You will need 4 tire tubes and a mix of soil and compost. Set down the first tire tube and fill it with soil about halfway, making sure to fill the inside of the tire casing as well. If you have access to comfrey leaves, place a few of them in your planting hole to protect the potatoes from scab.

Plant 3 or 4 potato pieces, each piece having 2 or more “eyes”. Cover with soil to bring it to level with the top of the tire opening. Once the plants are about 8 inches tall, add another tire and fill with soil until just a couple of inches of the tops are above the soil. Repeat the process until you have used all 4 tires.

This method encourages the potato plant to create lateral roots at intervals from the main tap root. These laterals produce potatoes at 3 or 4 levels. When ready to harvest, simply remove the tires, reaping as you make your way down the stack.

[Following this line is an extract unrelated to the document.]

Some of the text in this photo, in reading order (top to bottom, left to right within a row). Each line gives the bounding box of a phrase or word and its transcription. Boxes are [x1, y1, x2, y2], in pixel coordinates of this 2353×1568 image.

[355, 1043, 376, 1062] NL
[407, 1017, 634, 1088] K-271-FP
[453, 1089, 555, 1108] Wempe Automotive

5. Multi-Level Vertical Garden

Succulents and plants growing in tires

Image Credit: Shutterstock.

Another interesting tire planter for a small space is made from a tractor tire, a truck tire, a small car tire, and an ATV tire. First, cut out the side walls of each tire. Set the tractor tire where you want your planter and fill it with soil. Position the truck tire on top and fill it with soil. Continue until you have placed and filled the ATV tire. This will give you a multi-level vertical garden.

6. Grow a Living Wall

Pallet rebuilt into flower boxes

Image Credit: Shutterstock.

Living walls are another great idea for limited spaces. Use them against a fence or between the framework on your deck railing. Even a small apartment deck won’t have to sacrifice a valuable seating area. Just attach a living wall to the railing.

7. Companion Planting

Companion Planting with Bright Orange Marigold Flowers and Home Grown Organic Vegetables Growing on an Allotment in a Vegetable Garden in Rural Devon, England, UK

Image Credit: Shutterstock.

If you have a flower garden, don’t forget the option of planting vegetables with your flowers. A premise of companion planting is that the wider the variety of plants growing together, the lower the chance that insect pests will find their targets.

Consider form, color, height, spread, and scent when making your choices.

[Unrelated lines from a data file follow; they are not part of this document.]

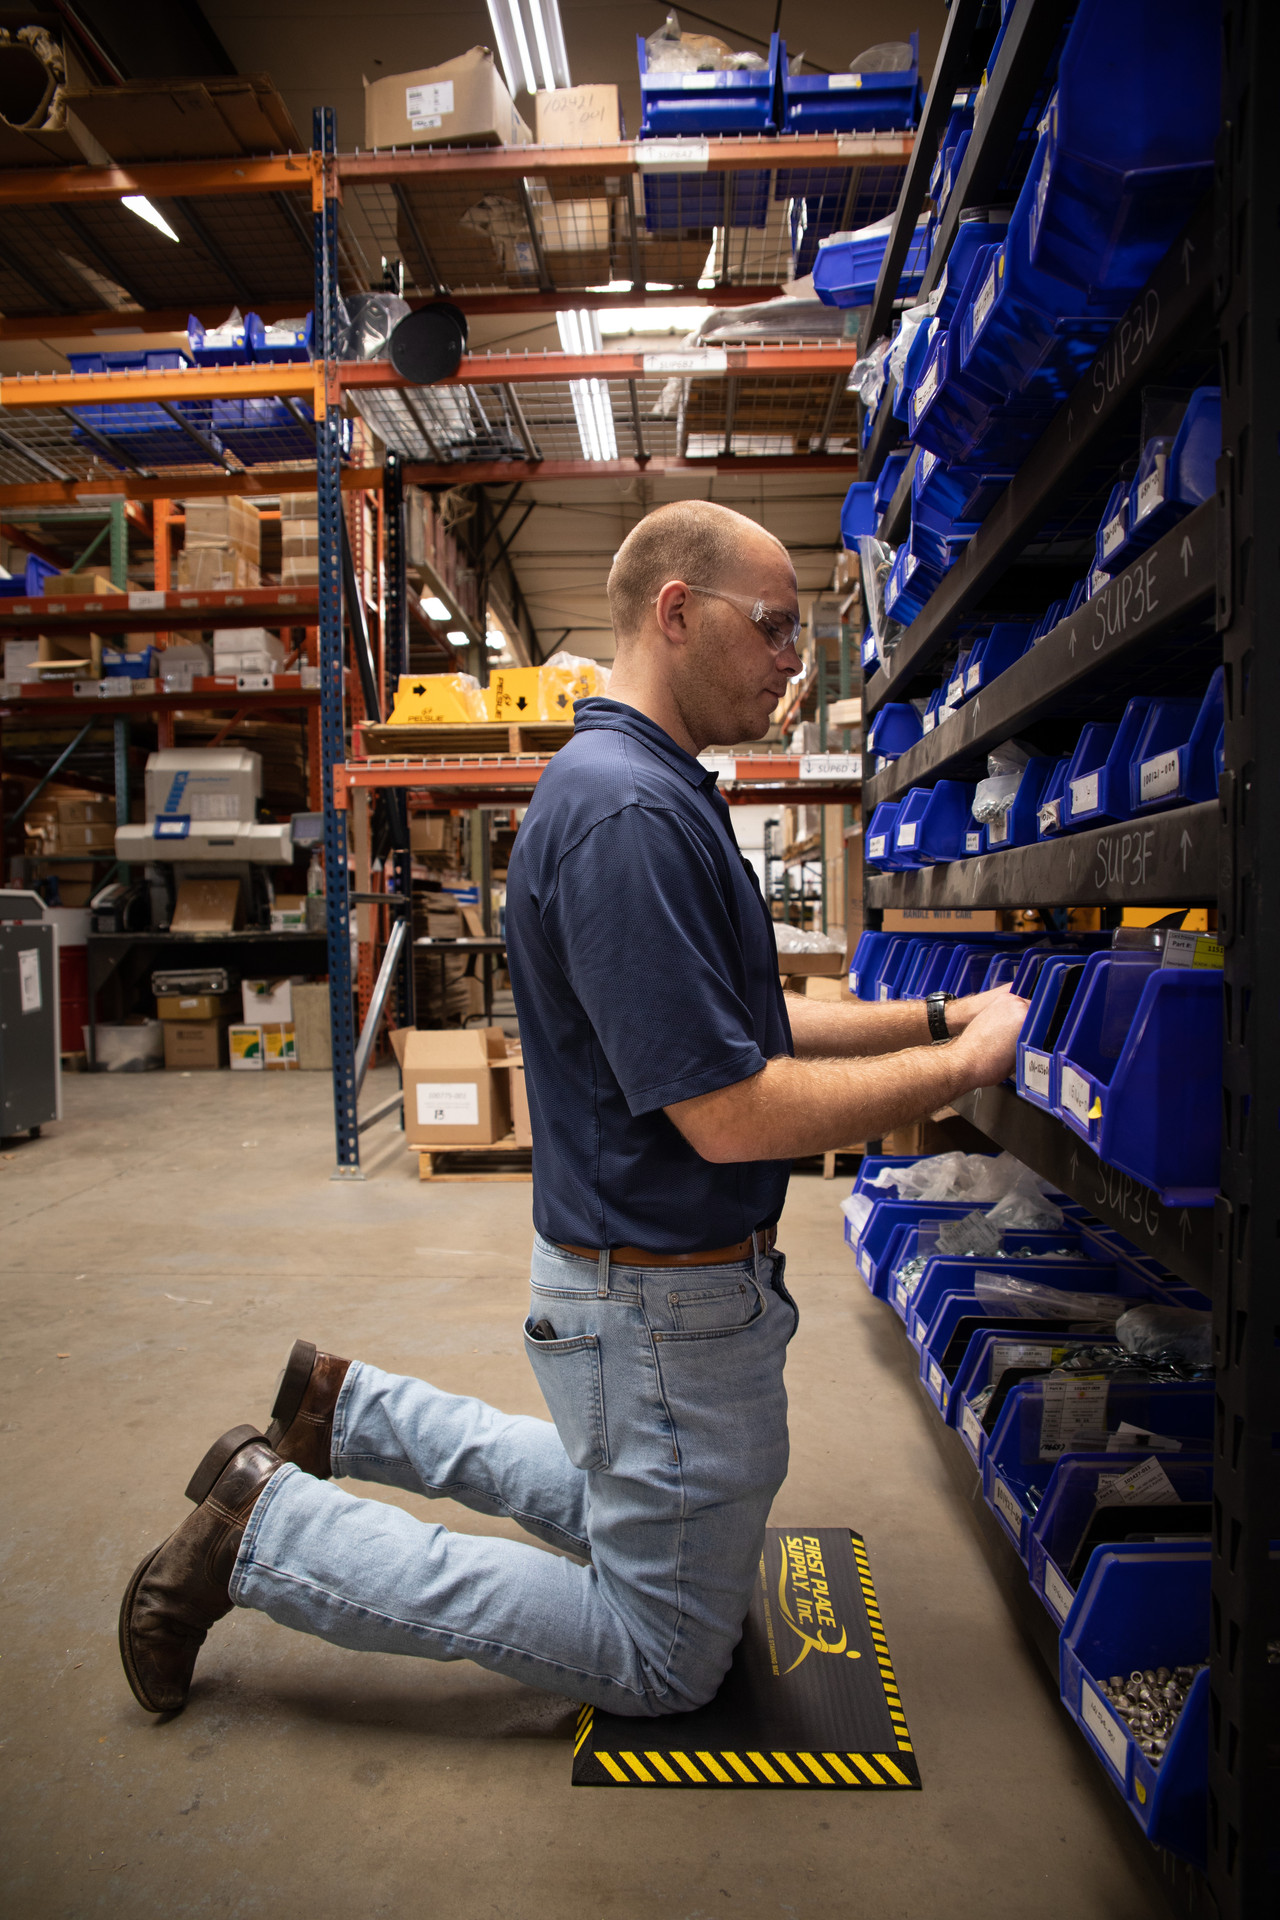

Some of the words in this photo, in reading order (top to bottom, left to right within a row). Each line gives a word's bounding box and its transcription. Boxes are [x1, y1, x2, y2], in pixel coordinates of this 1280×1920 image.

[1092, 289, 1160, 414] SUP3D
[1092, 551, 1159, 650] SUP3E
[818, 764, 848, 773] SUP6D
[1095, 830, 1155, 888] SUP3F
[903, 909, 929, 919] HANDLE
[933, 909, 952, 919] WITH
[786, 1535, 811, 1592] SUPPLY,
[802, 1535, 826, 1578] FIRST
[796, 1597, 814, 1625] Inc.
[810, 1578, 837, 1629] PLACE
[768, 1639, 778, 1665] STANDING

In your perennial flower beds, think of other perennials to grow along with them, like asparagus or rhubarb.

Take into account the specific benefits one may have for the other. For example, rhubarb helps to deter red spider mites from columbines, parsley increases the fragrance of roses, and garlic repels aphids from roses.

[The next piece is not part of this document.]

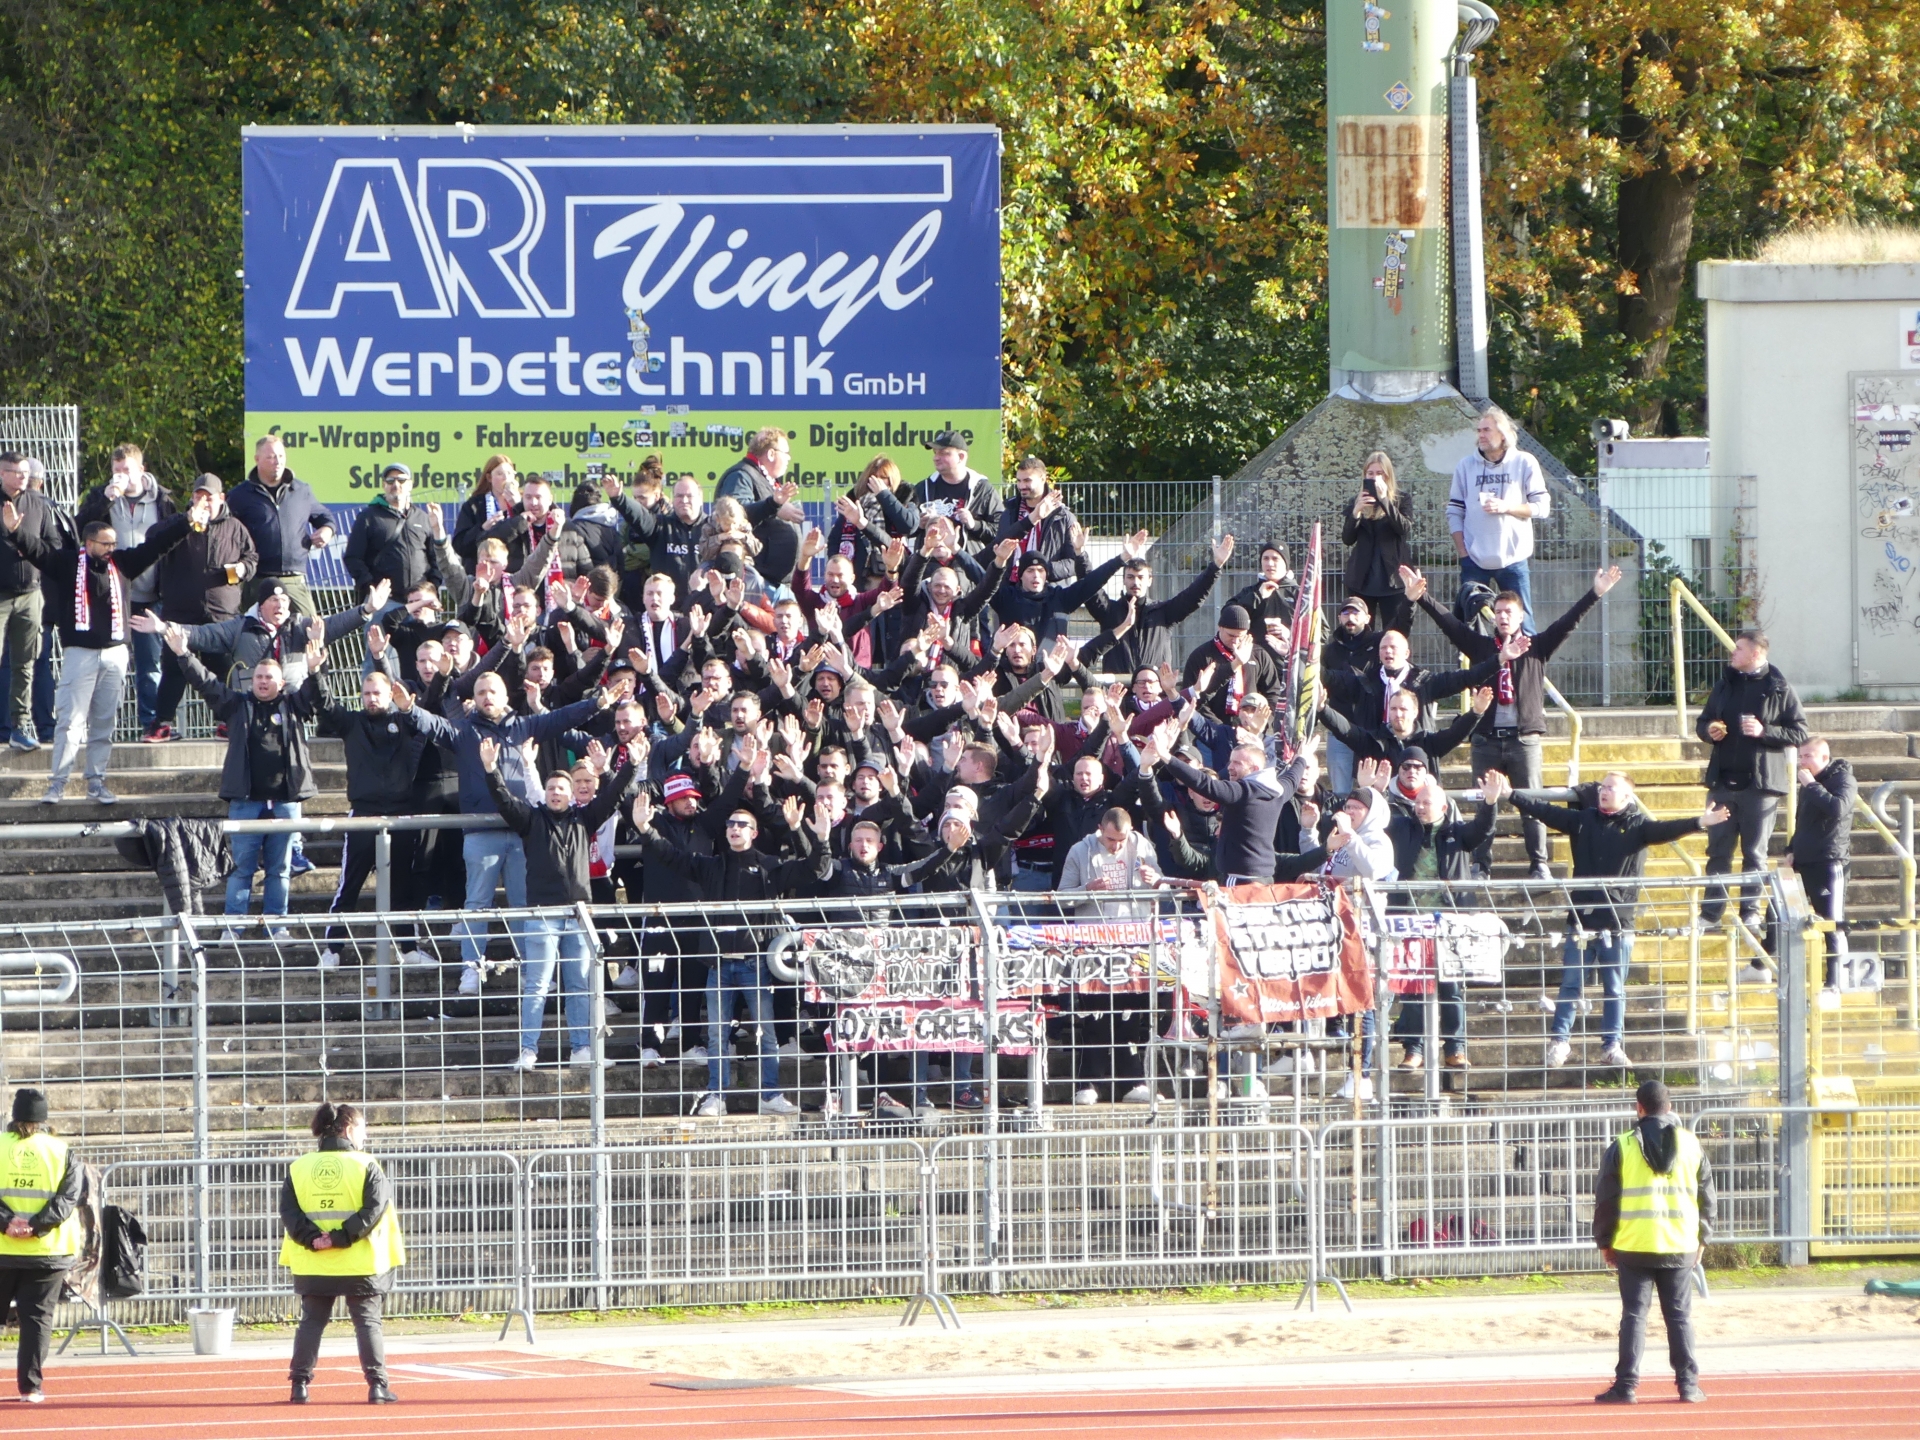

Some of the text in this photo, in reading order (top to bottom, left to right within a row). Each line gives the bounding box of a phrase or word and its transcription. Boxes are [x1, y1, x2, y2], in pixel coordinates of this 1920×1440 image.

Bee balm improves the flavor of tomatoes, and if you plant cabbage next to hyssop, the hyssop will deter cabbage moths.

Lamium planted with potatoes will repel potato bugs, and lovage improves the health of most plants. Use this large plant, which tastes a bit like celery, as a backdrop in the flower garden. Peppers, too, can be ornamental as well as tasty, so don’t forget to tuck a few plants into your flower beds.